SEO, Adwords PPC & Landing Pages
We had a Google AdWords grant for non-profits until 2019 and used it to drive traffic with custom landing pages for volunteers and donations. It brought a few new volunteer artists but there wasn't much of traffic that converted to donations or sales. We tried to enlist outside help without success.



My impression is that PPC is a poor fit for us. Pediatric cancer is not something most people think about until they have a personal connection to the issue. If a search query is a digital signal for this situation, it’s a fine judgement call to discern the appropriate way to reach out. Our data did not offer great answers.
Accommodating Growth
By 2016, K&A expanded to regular workshops at 2 Bay Area Hospitals in addition to regular monthly destination workshops.
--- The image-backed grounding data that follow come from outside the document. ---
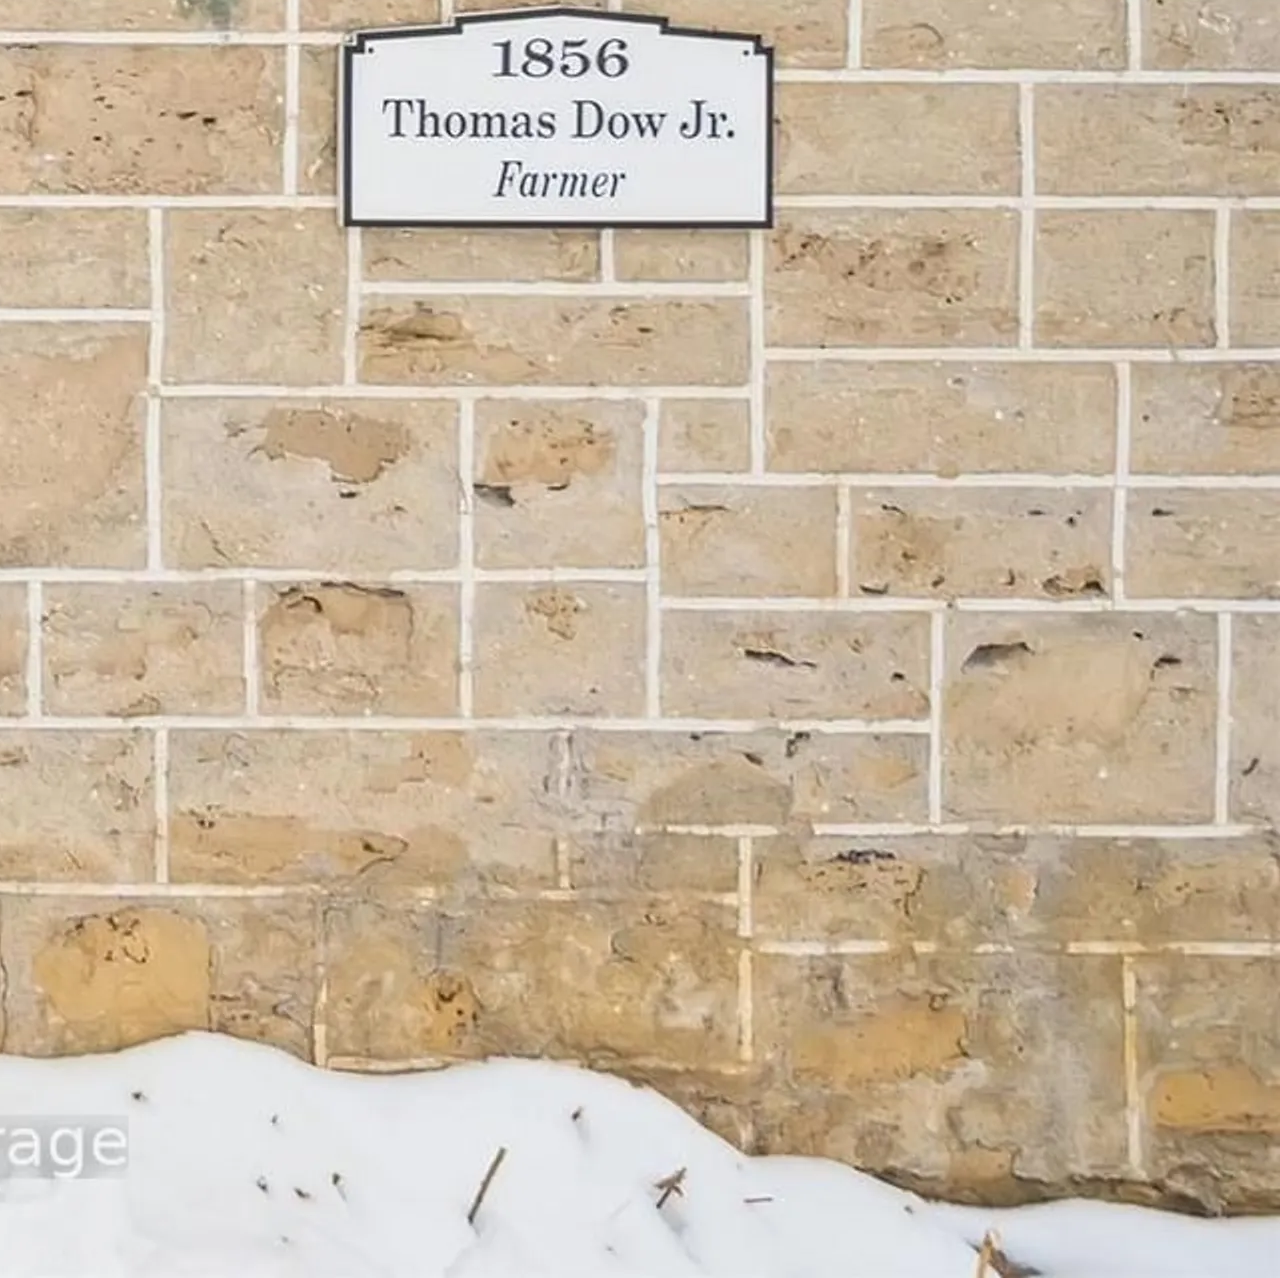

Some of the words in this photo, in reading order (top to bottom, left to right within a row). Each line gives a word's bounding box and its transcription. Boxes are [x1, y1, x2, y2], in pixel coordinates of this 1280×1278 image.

[492, 38, 629, 78] 1856
[381, 98, 557, 139] Thomas
[571, 99, 667, 139] Dow
[679, 99, 736, 140] Jr.
[492, 159, 627, 198] Farmer
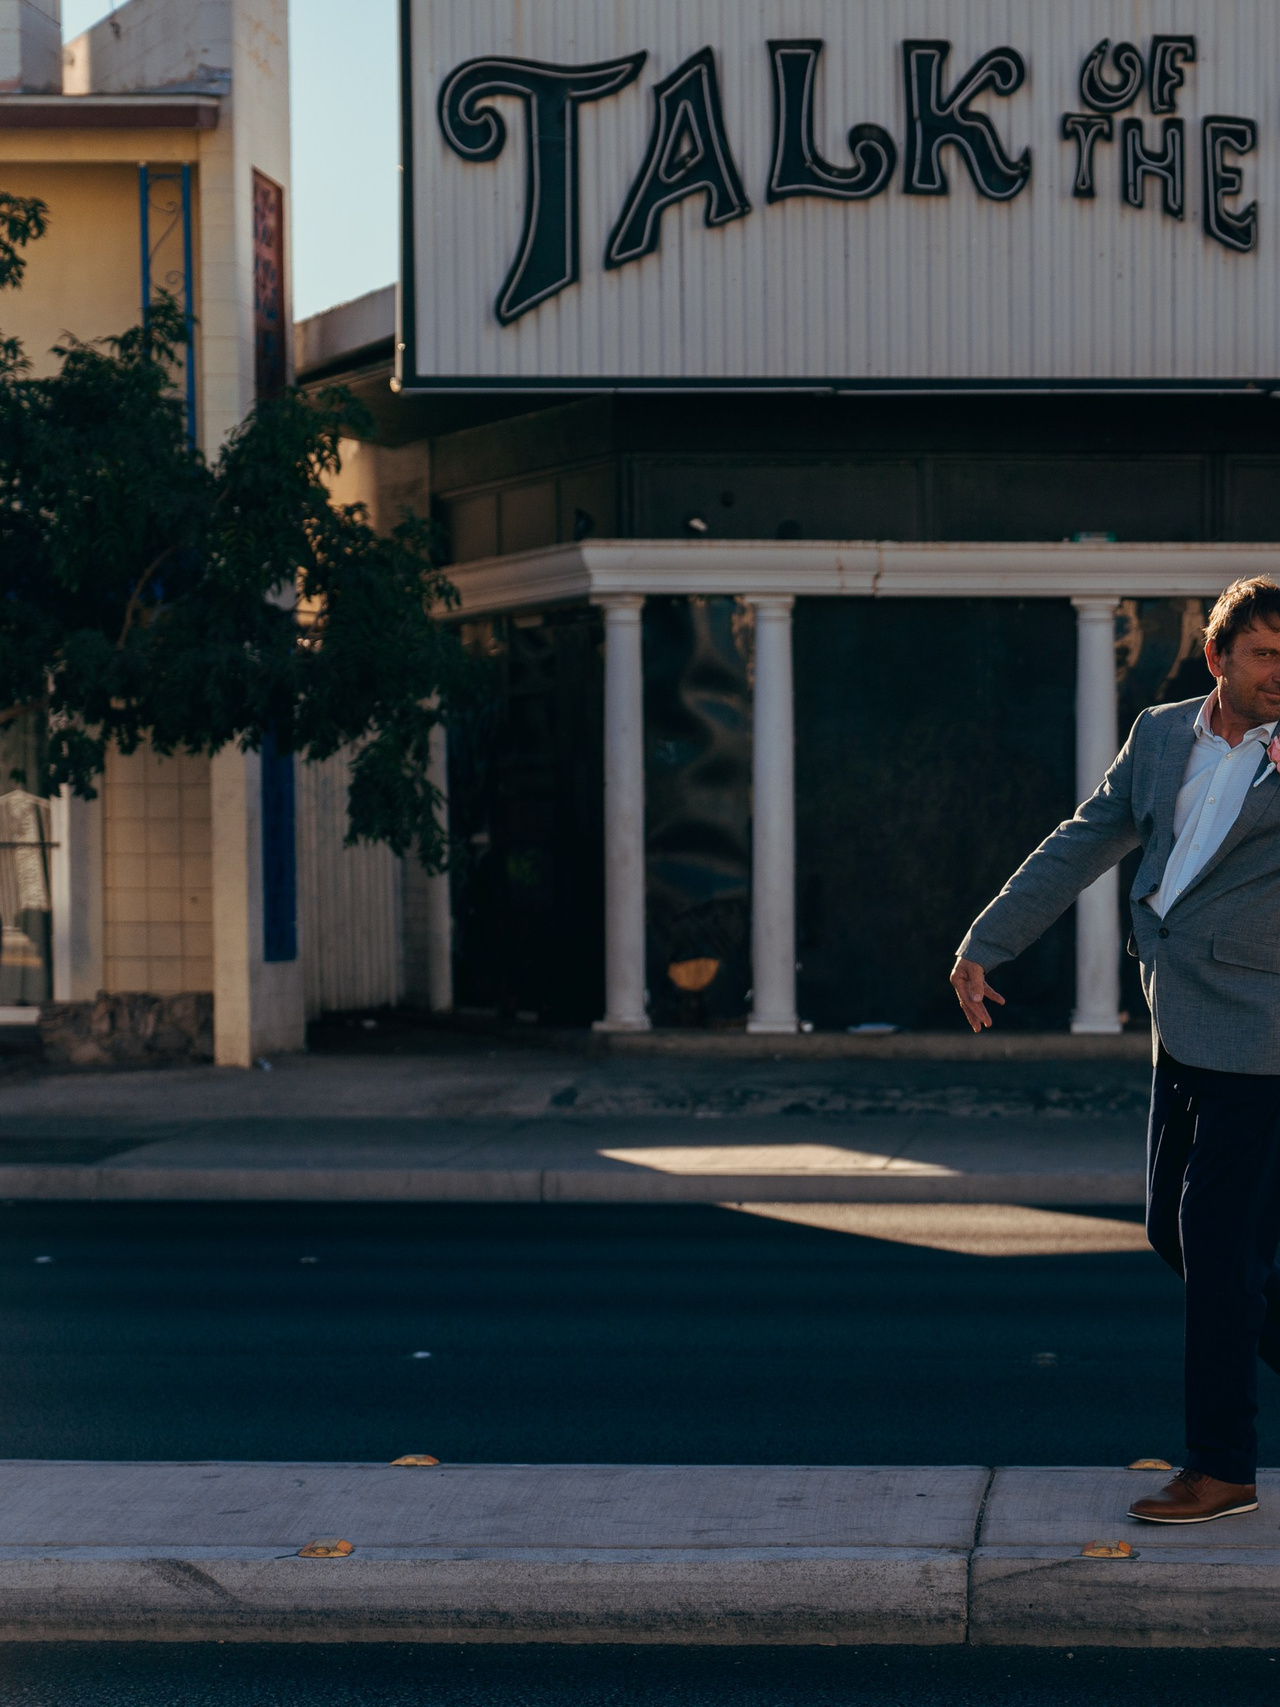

With 150+ volunteers, they needed software solutions for managing them. Kids & Art relies on several free or low-cost products in concert knowing full well that it's difficult for most people to jump between products.


K&A currently relies on Eventbright and Signup Genius to organize its workshops. They are simple and low cost but its an ordeal to extract and collect data from multiple sources.
Efficiency vs Privacy
Being based near Silicon Valley , all in-one solutions are constantly being pitched to us and evaluated. We want to manage donors, volunteers, workshop participants, run fundraisers and sell products. One platform would speed up on-boarding internally. In theory the pooled data could leverage the connections between participants in the different areas.
There are several providers in the non-profit space that address this pain point but so far no-one matches our needs out of the box. A major block has been that we collect sensitive medical information about minors participants. That information has to be secured with strong access control. Currently a tool with those features and several finely graded access accounts is not available at a price that makes sense for us.
Additionally we found that as a larger part of our funds come from individuals online fees are significant. So cheques are still preferred over online donations despite the inconvenience and added time to process and manage the donations.